Explanation: Since LOG_LEVEL and WORKER_THREADS are not set in the environment, their respective DefaultValues are returned.

Example 3:

// Input (Setup in main.go or test file)
// Assume environment variable:
// DATABASE_PORT="invalid_port"

// Define configuration variables
vars := []ConfigVar{
    {Name: "DATABASE_PORT", Type: Int},
}

// Load the environment variables
err := LoadEnv(vars)
if err != nil {
    // Handle error: "DATABASE_PORT" is missing or cannot be parsed as an int.
    // The error message should be specific.
}

// Output (if LoadEnv encounters an error due to invalid type)
// Error: Failed to get or parse environment variable "DATABASE_PORT": expected int, got "invalid_port"

Explanation: LoadEnv attempts to read DATABASE_PORT. Since it's set but cannot be converted to an Int, an error is returned during the loading phase or when Get is first called for this variable if lazy loading is implemented.

Constraints

  • The ConfigVar type should support at least string, int, and bool as valid Type values.
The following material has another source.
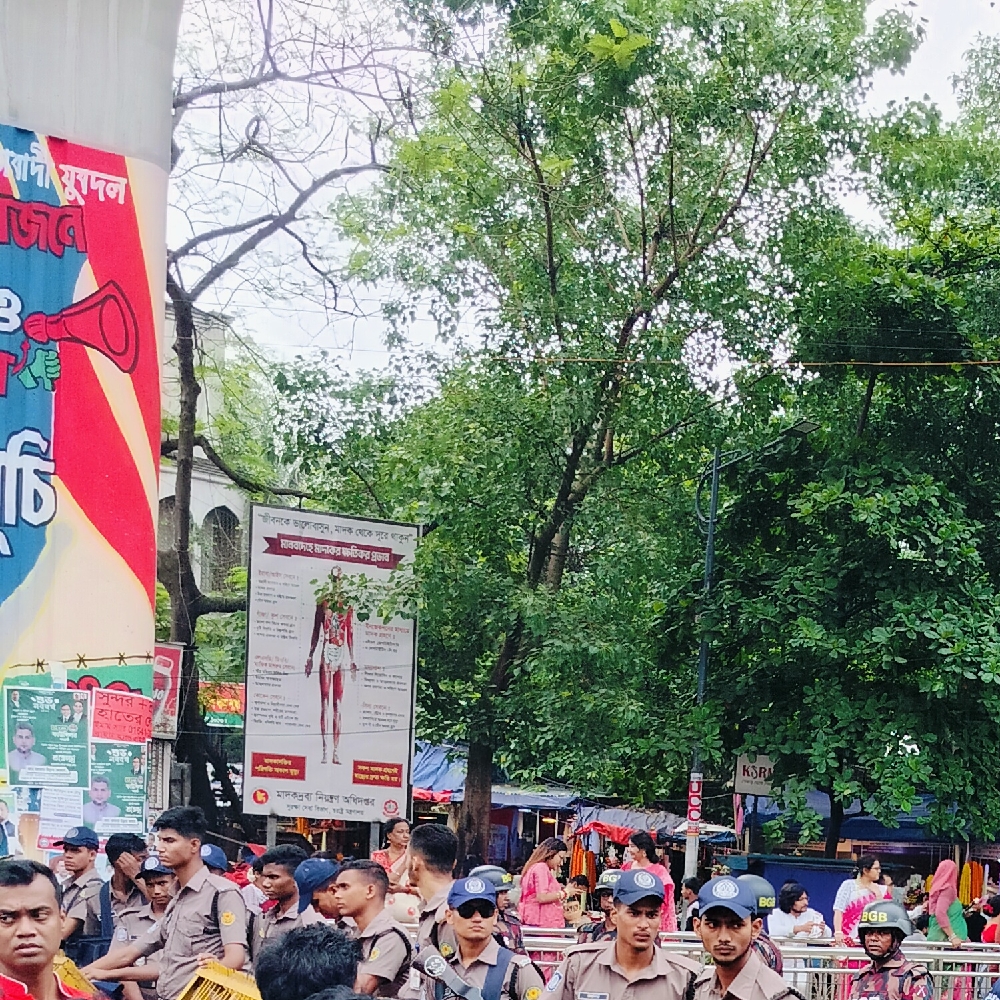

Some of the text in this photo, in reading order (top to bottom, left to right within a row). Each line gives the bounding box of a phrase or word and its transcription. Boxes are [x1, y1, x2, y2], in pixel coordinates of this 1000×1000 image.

[59, 164, 127, 206] যুবদল
[602, 874, 621, 884] BG
[861, 910, 888, 922] BGB
You can represent these types using constants or an enum-like pattern.
  • The Get function should return the value with the correct underlying type.
  • Parsing for int should use strconv.Atoi.
  • Parsing for bool should be lenient, accepting "true", "false", "1", "0" (case-insensitive) and converting them to bool.
  • Performance is not a primary concern for this challenge; correctness and clarity are prioritized.
  • The internal storage for loaded variables can be a simple map.

Notes

  • Consider how to represent the Type in ConfigVar. Using constants defined within your package is a common Go idiom.
  • Think about the timing of error reporting. Should LoadEnv validate all variables at once, or should Get perform validation lazily? The problem description implies that LoadEnv should initiate the loading and internal parsing/validation.
  • The DefaultValue should be of type interface{} to accommodate different Go types, but it needs to be reliably cast to the target Type when used.
  • The os package in Go provides os.Getenv for reading environment variables and os.LookupEnv which also returns a boolean indicating if the variable was set. LookupEnv can be helpful for differentiating between an unset variable and a variable explicitly set to an empty string.